This application is a continuation-in-part of U.S. Ser. No. 14/249,958, filed Apr. 10, 2014. U.S. Ser. No. 14/249,958 was entitled “Pipe Centralizer Having Low-Friction Coating.”
Not applicable.
Not applicable.
This section is intended to introduce various aspects of the art, which may be associated with exemplary embodiments of the present disclosure. This discussion is believed to assist in providing a framework to facilitate a better understanding of particular aspects of the present disclosure. Accordingly, it should be understood that this section should be read in this light, and not necessarily as admissions of prior art.
The present disclosure relates to the field of hydrocarbon recovery operations. More specifically, the present invention relates to pipe centralizers such as may be used to centralize a casing string within a wellbore.
In the drilling of oil and gas wells, a wellbore is formed using a drill bit that is urged downwardly at a lower end of a drill string. After drilling to a predetermined depth, the drill string and bit are removed and the wellbore is lined with a string of casing. An annular area is thus formed between the string of casing and the surrounding formations.
A cementing operation is typically conducted in order to fill or “squeeze” the annular area with cement. The combination of cement and casing strengthens the wellbore and facilitates the isolation of formations behind the casing.
It is common to place several strings of casing having progressively smaller outer diameters into the wellbore. The process of drilling and then cementing progressively smaller strings of casing is repeated several times until the well has reached total depth. The final string of casing, referred to as a production casing, is cemented in place. This is a tubular body that resides adjacent one or more producing reservoirs, or “pay zones.” The production casing is frequently in the form of a liner, that is, a tubular body that is not tied to the surface, but is hung from a next lowest string of casing using a liner hanger. In either instance, the production casing is perforated to provide fluid communication between the reservoir and the production tubing.
In connection with setting casing strings within a wellbore, it is desirable that the casing strings be centered within the wellbore. In this way, the cement can flow evenly around the casing string, creating a more uniform barrier around the casing within the wellbore. This, in turn, helps to seal the annular area from fluid flow, providing sealing integrity between surrounding subsurface formations.
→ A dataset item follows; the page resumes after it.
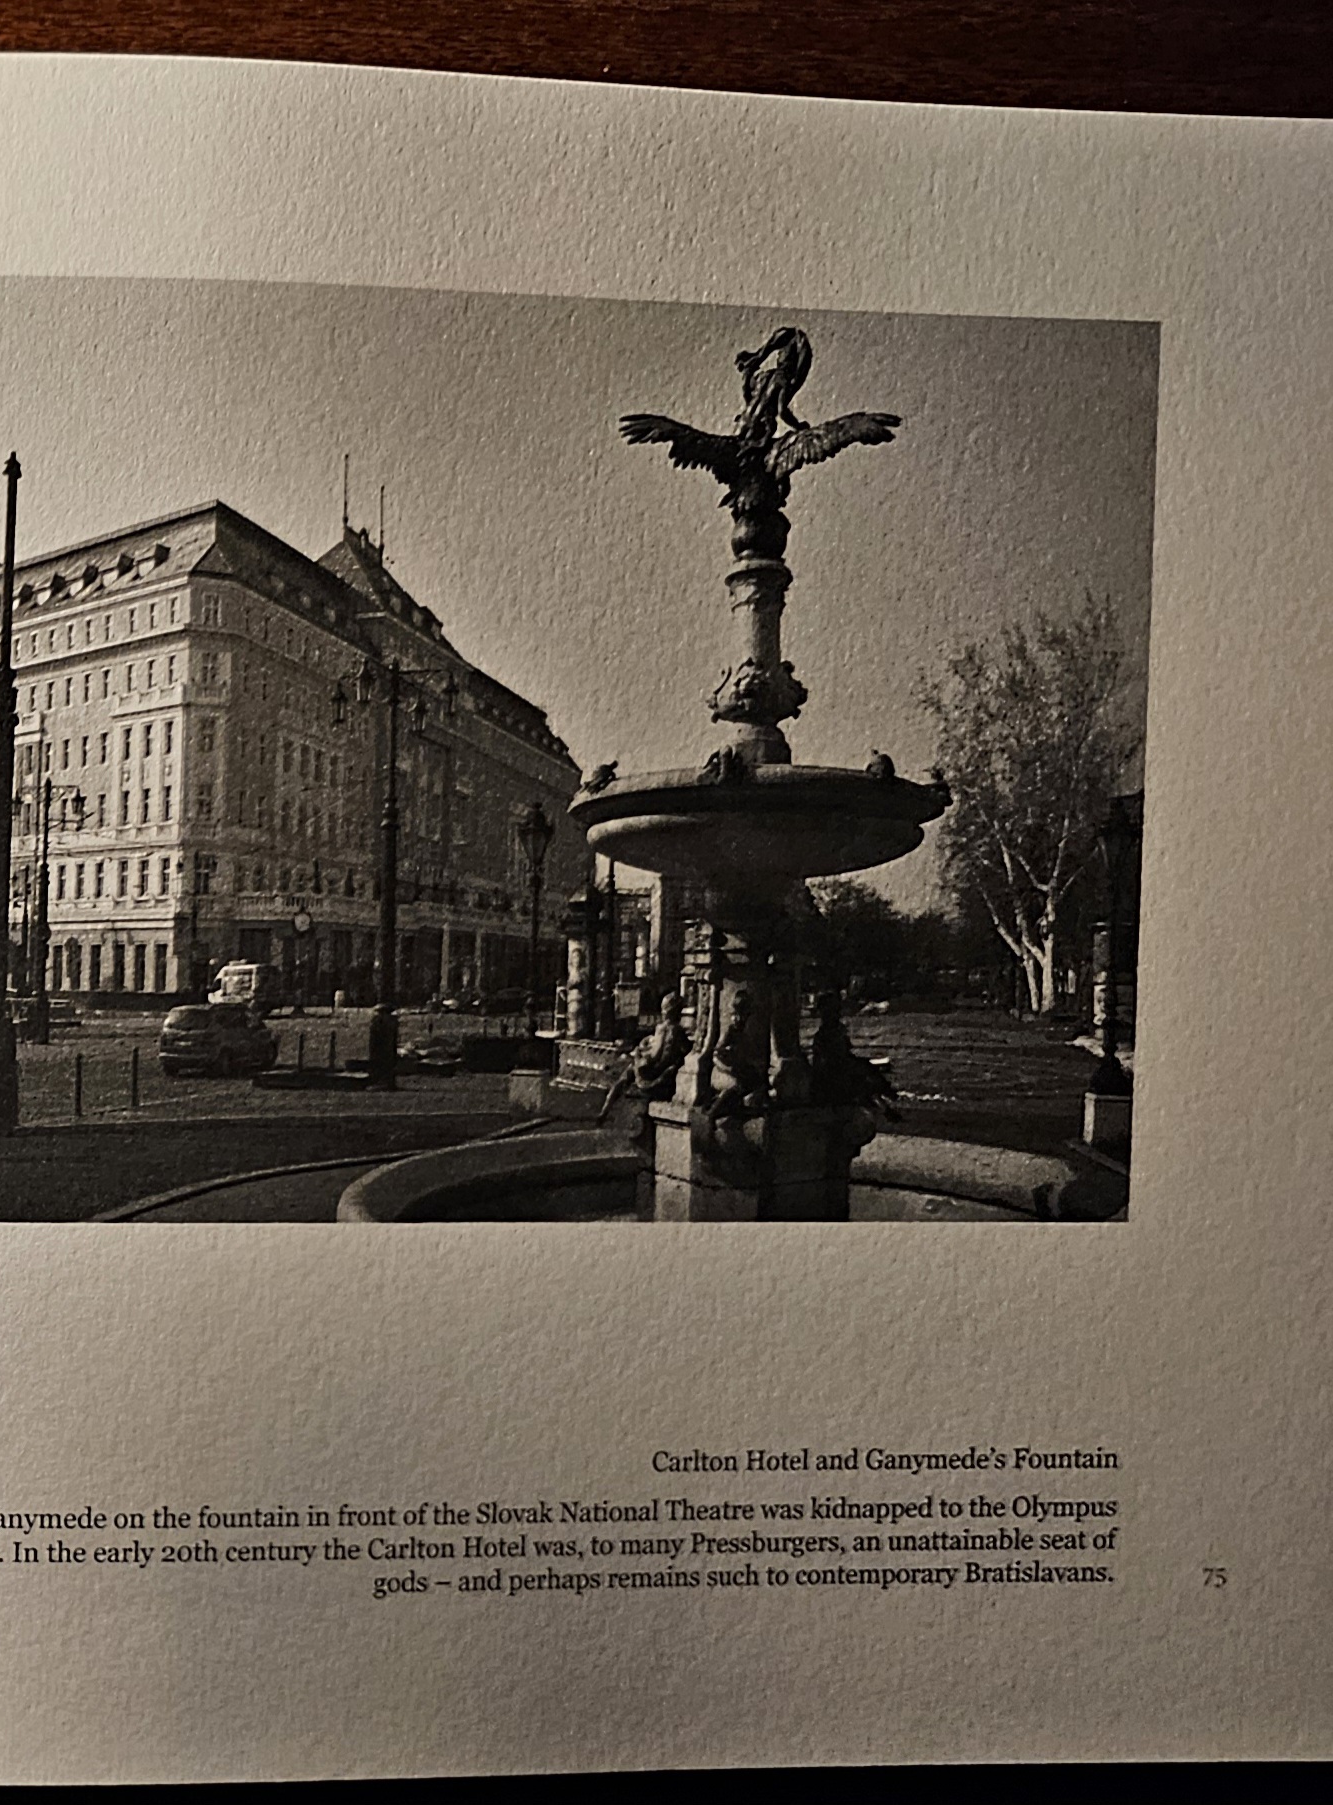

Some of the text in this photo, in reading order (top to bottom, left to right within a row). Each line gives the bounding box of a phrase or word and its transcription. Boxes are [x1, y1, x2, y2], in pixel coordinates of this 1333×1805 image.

In order to center the casing string, it is known to use so-called centralizers. Centralizers are generally tubular bodies having an inner diameter that lightly engages the outer diameter of a casing string, meaning that the centralizers direct or maintain the casing string generally concentrically within the wellbore as the casing string is run into the hole and when the casing is set. Traditionally, centralizers have employed a pair of rings, or collars, that are separated by bow springs. The centralizers are clamped to the pipe during the run-in process using end collars that are hinged. In this respect, the centralizer collars are opened to mount to the pipe, and are then closed and secured around the pipe. Examples of such centralizers are shown and described in U.S. Pat. No. 2,605,844 (“Casing Centralizer”); U.S. Pat. No. 2,845,128 (“Casing Centralizer and Wall Scratcher”); U.S. Pat. No. 2,849,071 (“Casing Centralizers”) and U.S. Pat. No. 4,531,582 (“Well Conduit Centralizer”).
The process of running in a casing string with centralizers causes significant friction to occur between the bow springs (sometimes referred to as leaf springs) and the surrounding rock formation. This is in the form of drag friction. In addition, with the ever-increasing use of lateral and horizontal wellbores, bow springs are being asked to support a casing string that is being pushed laterally through a rock formation. In this respect, the casing strings are pushed through a deviated wellbore portion, and then in some cases across an extended substantially horizontal portion. The horizontal portion may extend for thousands of feet.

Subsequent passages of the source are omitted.